The Riverside Seminary
By Capt. Franklin Ellis274
A school was established at the Germantown railroad station in 1864. The property was owned by Philip W. Rockefeller, and the school opened by his active efforts. It was a favorite enterprise with him. He had been away from this place for many years. Returning, he carried out this idea, cherished for many years, lavishing his means freely upon the undertaking.
Rev. H. R. Schermerhorn was the principal; Prof. Mattice was instructor in languages and mathematics; Miss Wood, preceptress and teacher of music and French; Miss Lucy Peary, teacher of English branches; Miss Vedder and Prof. Reynolds were also here for a time.
The school continued four years.

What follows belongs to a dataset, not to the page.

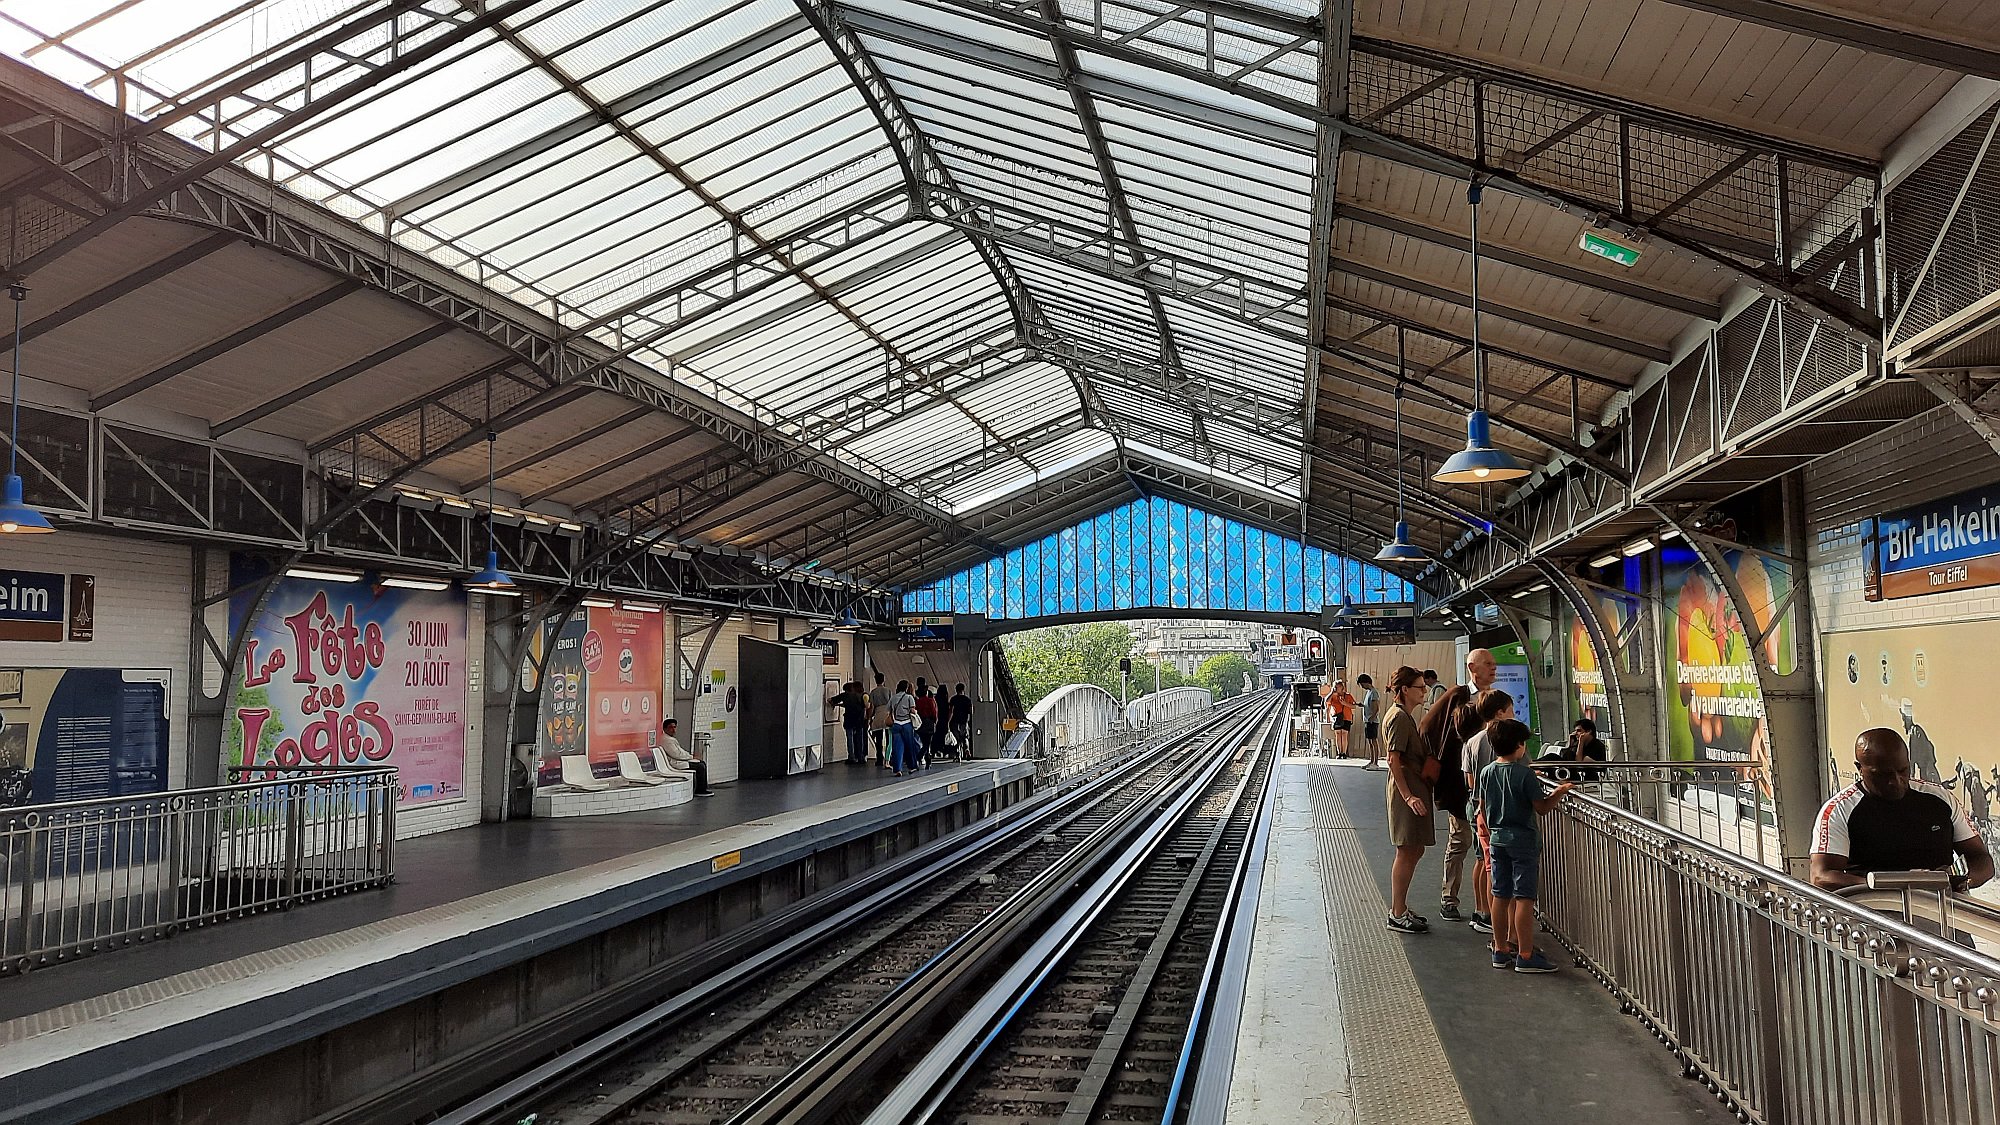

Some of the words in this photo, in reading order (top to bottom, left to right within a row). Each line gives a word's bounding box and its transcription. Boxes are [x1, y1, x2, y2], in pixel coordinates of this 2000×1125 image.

A portion of the time there were sixty or seventy scholars, including boarders and day pupils. The boarding department was steadily filled, and the general support of the school was good.
Various circumstances combined to terminate the enterprise. The failure of other citizens to invest their means in founding and enlarging the school, as it was expected they would, was, perhaps, the chief reason, though there were others.
The school had a marked influence upon the young people of the town, and Mr. Rockefeller may well recall with pleasure the results of his efforts, notwithstanding the school closed so soon.
Very many pupils obtained a far better education than they would have otherwise secured. Several of the students of Riverside Seminary are already in positions of usefulness and honor. Claudius Rockefeller, a lawyer, of Hudson; Dr. George Knickerbocker, and Winfred S. Lasher, civil engineer, now in the department at Albany, with many others, were educated here.
After the school was abandoned, Mr. Rockefeller opened a hotel in the same building, which is quite successful as a summer resort. The name, Mountain View House, is rightly given, facing, as it does, the grand scenery of the Catskill mountains.